As more and more of our library clientele are becoming techno-savvy, librarians and other information professionals must not only keep abreast of the technology in order to assist them but must lead the charge. (…)

Many of the apps are “must haves” for librarians and information professionals that I will address later in this article including how the iPad 2.0 can be considered the “go to device” for librarians and information professionals.
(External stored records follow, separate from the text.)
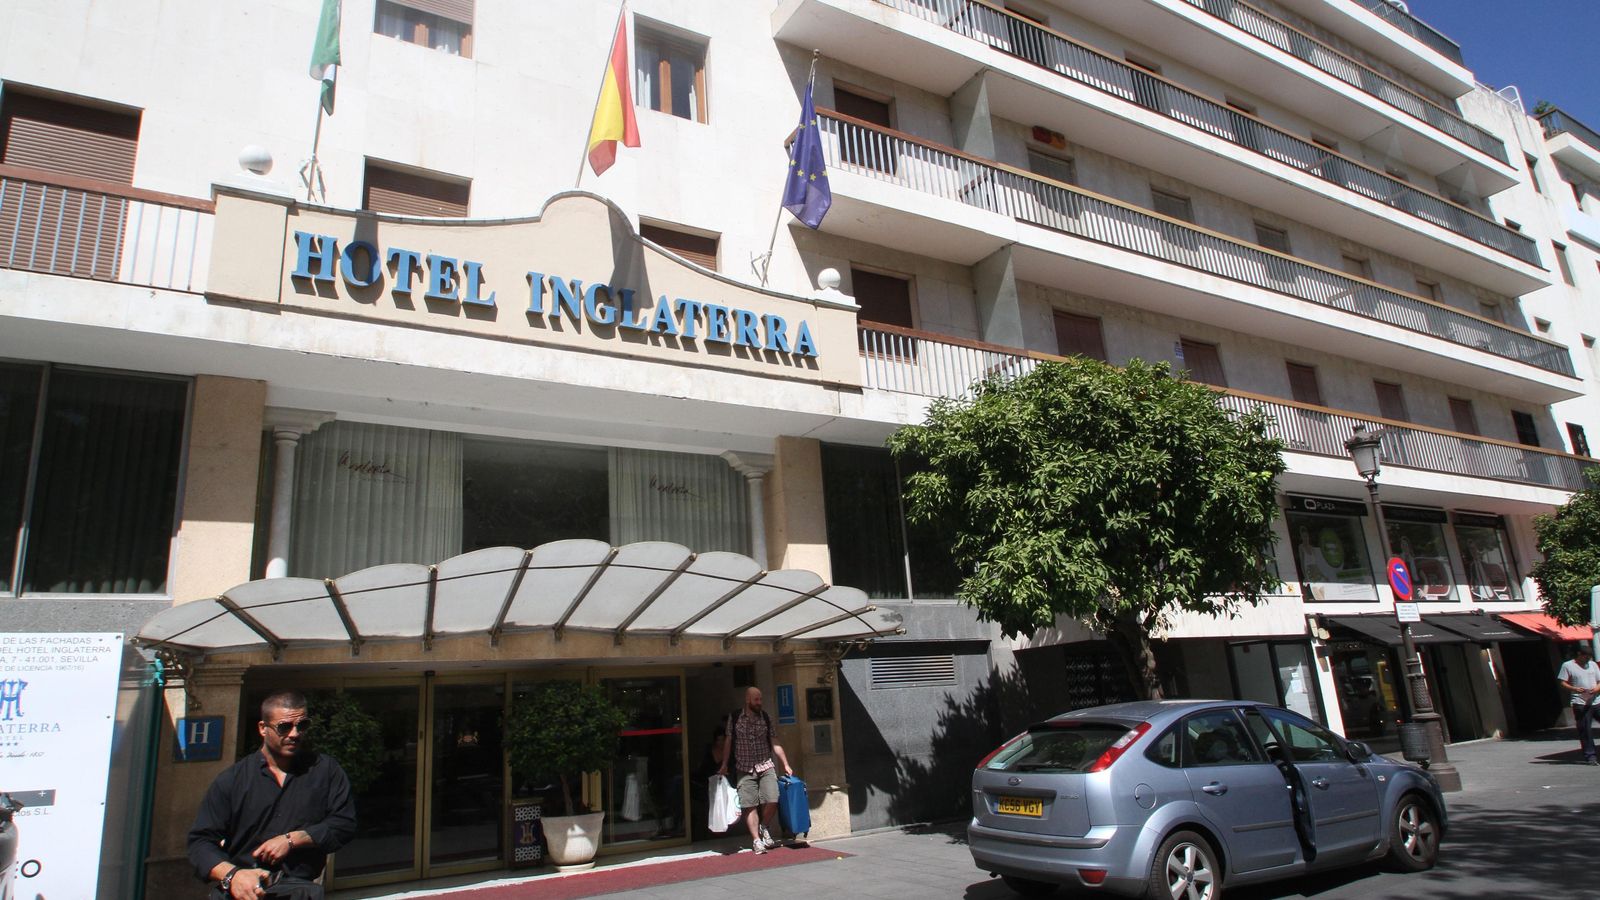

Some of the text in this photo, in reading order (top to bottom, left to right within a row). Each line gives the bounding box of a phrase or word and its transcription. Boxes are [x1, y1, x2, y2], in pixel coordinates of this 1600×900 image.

[291, 230, 819, 357] HOTEL INGLATERRA
[3, 636, 92, 645] DE LAS FACHADAS
[16, 646, 49, 654] HOTEL
[51, 646, 112, 654] INGLATERRA
[60, 655, 99, 663] SEVILLA
[188, 721, 211, 745] H
[1023, 799, 1041, 814] VGY
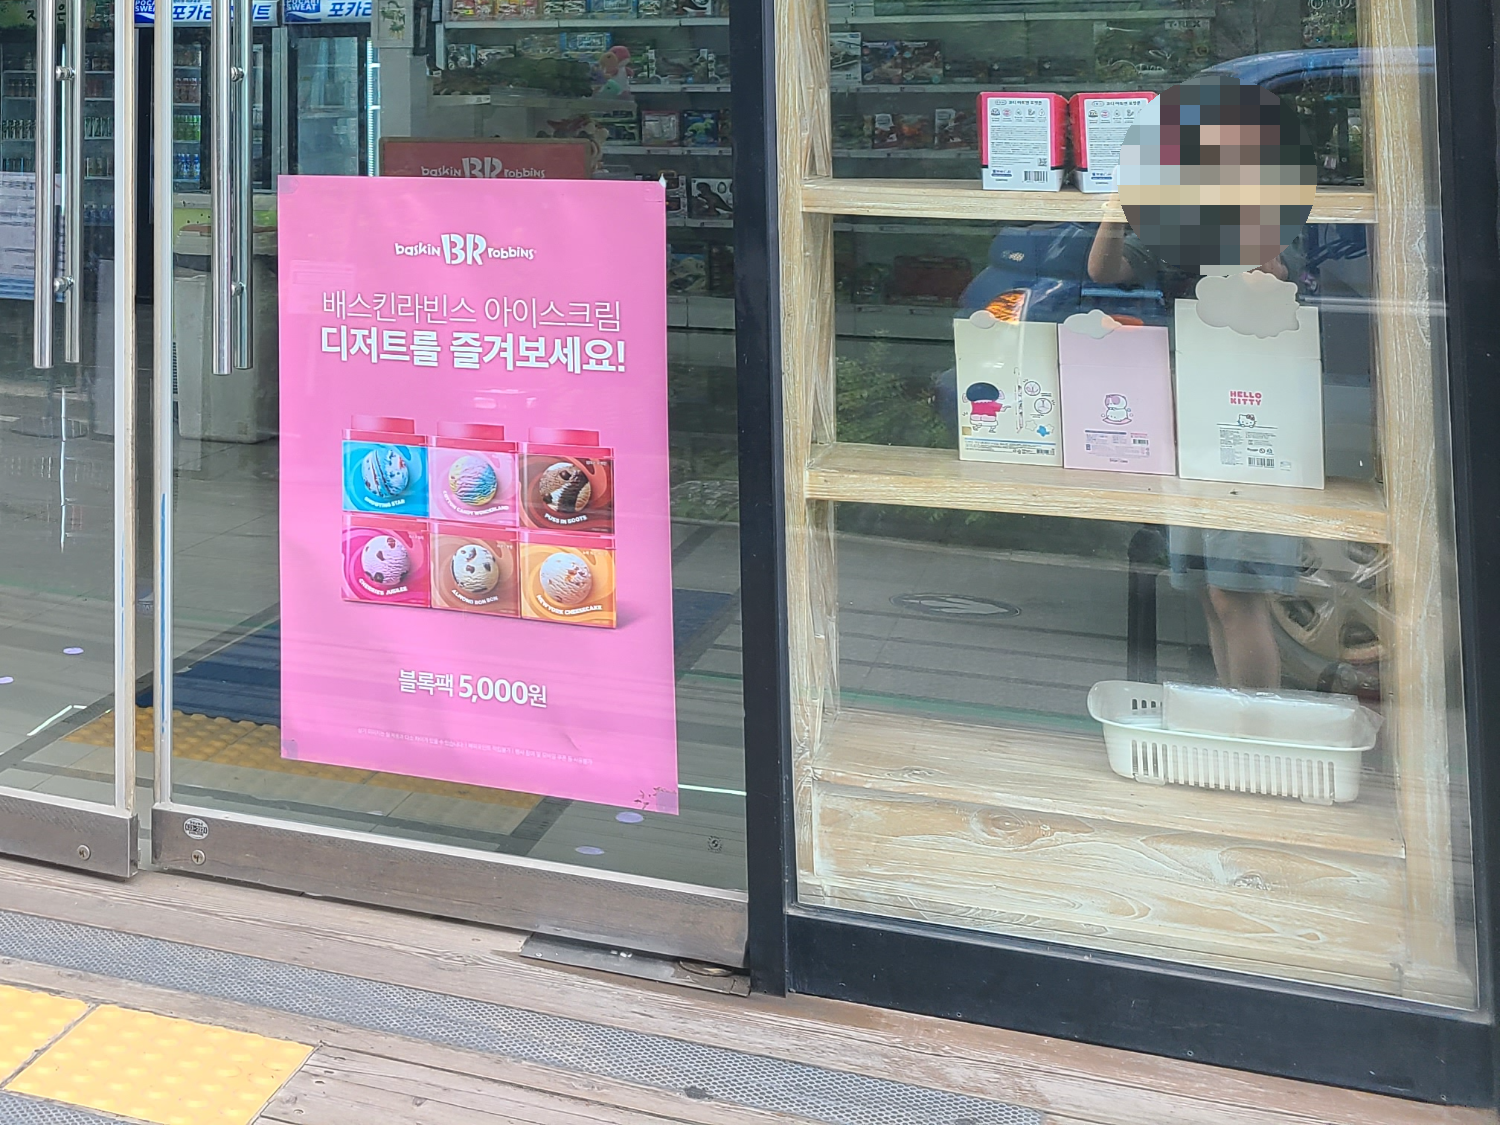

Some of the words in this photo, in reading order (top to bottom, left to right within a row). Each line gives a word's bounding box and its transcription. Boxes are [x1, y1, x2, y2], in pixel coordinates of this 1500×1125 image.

[421, 165, 462, 177] baskin
[504, 167, 545, 179] robbins
[394, 242, 441, 257] baskin
[441, 233, 487, 266] BR
[487, 246, 535, 260] robbins
[321, 289, 477, 324] 배스킨라빈스
[484, 295, 621, 332] 아이스크림
[321, 324, 442, 368] 디저트를
[449, 330, 626, 374] 즐겨보세요!
[1229, 390, 1262, 399] HELLO
[1230, 398, 1262, 406] KITTY
[398, 669, 454, 698] 블록팩
[458, 674, 548, 709] 5,000원
Some suggestions of application:

– The iWorks suite should be at the top of every information professionals list. They can use iWorks for presentations, documents, and spreadsheets. iWorks is the equivalent to Microsoft Office

– Information professionals have access to exciting and informative courses on any topic imaginable through Apple’s iTunes U. They can subscribe to courses, take self-paced classes, and get access to learning materials from some of the most erudite scholars in education

 Information professionals can use Drop box for storing, retrieving and sending large files and can synchronize all of their Calendars through the Calendar application

Librarians and information professionals can collaborate with colleagues all over the world using the Facetime and Skype applications.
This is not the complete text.